After an hour or two tooling around Kenai, I backtracked toward Soldotna and headed on to the south.

Ever since I got on the AlCan, almost two weeks ago, I’ve kept my eyes peeled for moose. I’ve passed dozens and dozens of “Moose crossing” signs. But, until today, I hadn’t seen so much as a retreating hindquarter of a moose. Then, a few miles north of Anchor Point, there they were.

Does that car make her butt look big? More importantly, please note that her derriere is taller than the roof of the car. She was impressively large. I know you can’t tell whether or not a moose is a bull or a cow by their antlers, because they shed them each winter, but there was just something about this one that made me think she was a cow. Each time I took a step toward her, she would look away.

Then, when I took a step away, she would cast a come-hither look in my direction.

Such a flirt. Or, more likely, she was thinking, “He looks old and slow. I could run him down if I wanted to and not even feel the bump.”

She had two calves with her, but they would never show me their faces so I could get a good shot of them.

My Wildlife Bingo card now only has one square not covered: a bear. I’ll keep my eyes peeled over the next few weeks to see if I can spot one.

I drove through the very small town of Anchor Point, and spotted this interesting sign:

Now I know I really have made a Lap Around America. Today, I was at the most westerly point you can reach. Last week, I was within 200 miles of the most northerly point in the US, when I was at Coldfoot, Alaska. Last September, I was in Key West, Florida, the most southerly point. And, in October, we were in Maine, just a few hundred miles from the most easterly point. No wonder I’m tired.

Driving into Homer, I had to pull over to the side of the road and take this shot:

Isn’t that a lovely shot? That’s Highway 1, heading into Homer, with the Homer Spit beyond, and mountains beyond that. Homer really is a jewel.

I wanted to drive the road as far as I could, so I drove out onto that spit, all the way to where the road ends.

That’s the view from the spit, with a couple of fishing boats out, enjoying the day.
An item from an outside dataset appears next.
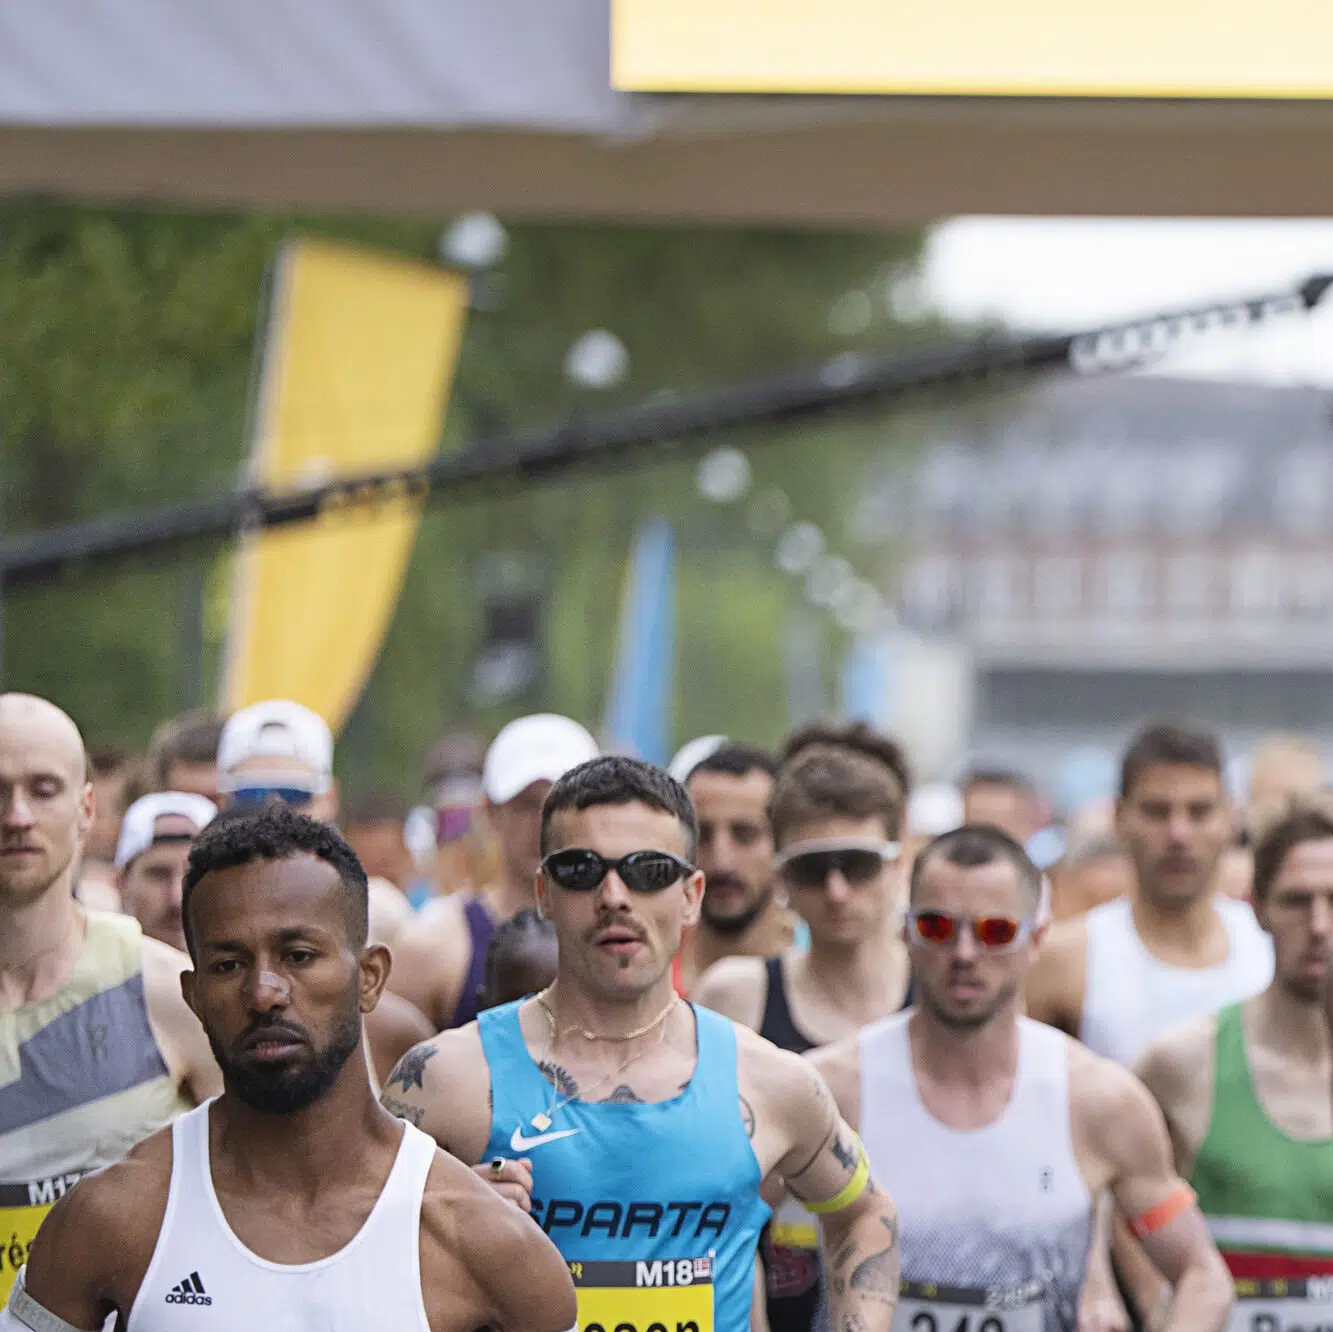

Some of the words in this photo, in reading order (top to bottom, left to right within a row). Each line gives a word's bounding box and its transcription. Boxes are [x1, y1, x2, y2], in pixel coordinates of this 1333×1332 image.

[0, 1231, 33, 1271] ré
[636, 1259, 694, 1287] M18
[165, 1292, 212, 1306] adidas
In many ways, this feels like a turning point in the trip. I’ve followed the road that started in Tok as far north as I could, then worked my way through Southeast Alaska and all around the Kenai Peninsula. Tomorrow, I will head toward Valdez, although I don’t know if I will make it all the way there. I might lay up in Anchorage for the night. After Valdez, it’s back to Canada and home.

Cheers, and safe travels!






  1. Wow, it’s amazing how large moose are! And oh my goodness, that shot of Homer is gorgeous! Guess what? I saw a bear when I visited the Smoky Mountains this weekend. I hope you get as lucky. Continued safe travels.
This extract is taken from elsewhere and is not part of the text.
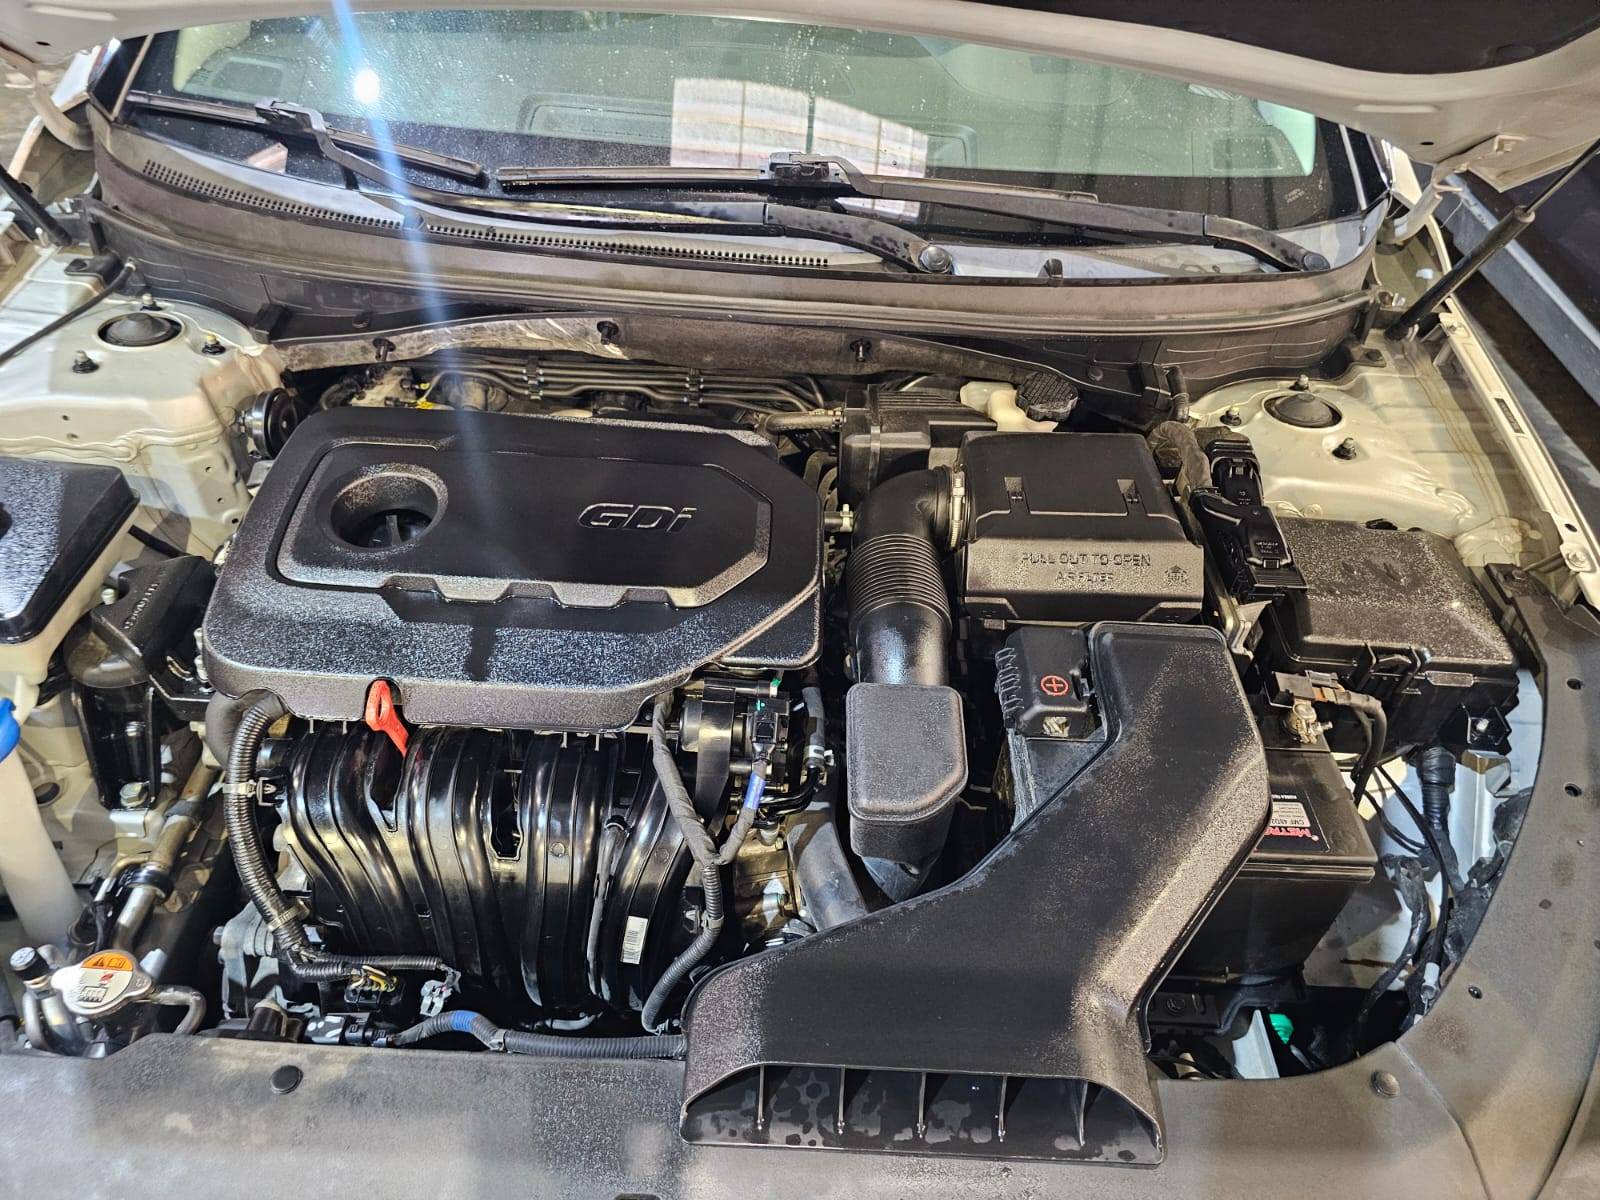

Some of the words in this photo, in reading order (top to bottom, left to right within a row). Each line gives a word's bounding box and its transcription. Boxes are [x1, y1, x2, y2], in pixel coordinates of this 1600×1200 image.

  2. Wow, you’ve put a lot of miles under your tires! I haven’t kept up in the last week and a half (wrapping up a job that I’ve been working at for 6 years) so finally had a chance to do a marathon reading this morning of your travels. Thanks so much for all the detail and pics – it really makes it seem real to me; I don’t think it’s likely I’ll ever travel those roads since home is Florida, but I’m so enjoying the commentary. Stay safe and get yourself home to Dawn!


  3. Such lovely scenery, but it still seems desolate, at least to me. Moose are huge, glad she didn’t decide to roll over you! Still enjoying the trip with you. Drive safe! šŸ™‚


  4. Wow, I didn’t think the photos could get any better but they did!… thanks again for sharing all of this, it makes my day, every day!


  5. I was also afraid a moose would get me when I was six-yrs-old, when we were on our AK vacation. I remember my dad warning us about them. Especially if they had children with them. Or maybe it was the bull moose to be cautious about?? I also remember one of the clever “crafty” tourist trinkets Alaskans were selling: Moose turd earrings. They must have put shellac on them, or something? My mom didn’t buy a pair….but just think how environmentally friendly those were. Recycling at its best!! Anyway…glad you saw the moose and they didn’t decide to “charge”!

    A bear would be nice to see. Just remember…they are probably HUNGRY this time of year. Don’t ya think?? šŸ˜‰


  6. Such fun to see a moose! That is on my bucket list. Been through Yellowstone several times but have not seen a moose yet in the wild. Hope your travels continue to be safe and fun.